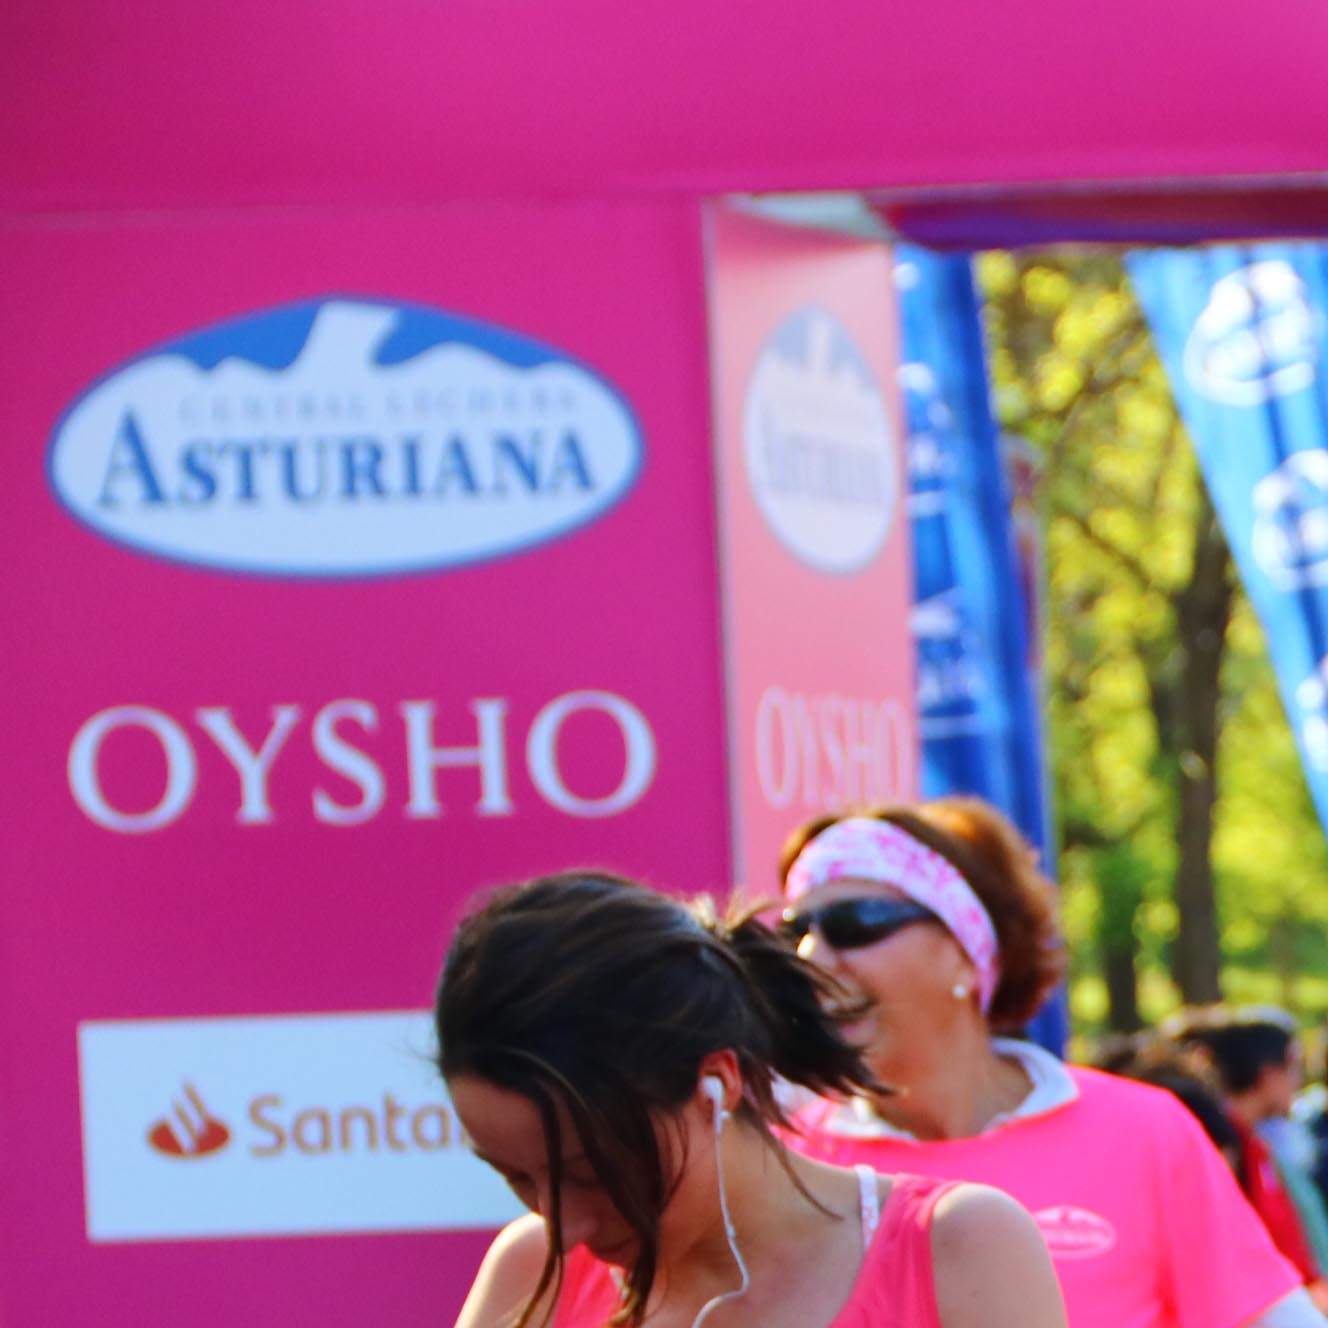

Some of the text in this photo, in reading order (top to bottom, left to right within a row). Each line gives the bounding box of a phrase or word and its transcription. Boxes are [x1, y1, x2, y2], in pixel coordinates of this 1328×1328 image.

[98, 406, 595, 509] ASTURIANA
[67, 690, 656, 834] OYSHO
[756, 686, 913, 809] OYSHO
[249, 1091, 474, 1158] Santa

• • •

_Work order:_
Word for word, quote the full listing, omitting every picture.

_Written solution:_
Some of the text in this photo, in reading order (top to bottom, left to right within a row). Each line gives the bounding box of a phrase or word and its transcription. Boxes are [x1, y1, x2, y2], in pixel coordinates of this 1328×1328 image.

[98, 406, 595, 509] ASTURIANA
[67, 690, 656, 834] OYSHO
[756, 686, 913, 809] OYSHO
[249, 1091, 474, 1158] Santa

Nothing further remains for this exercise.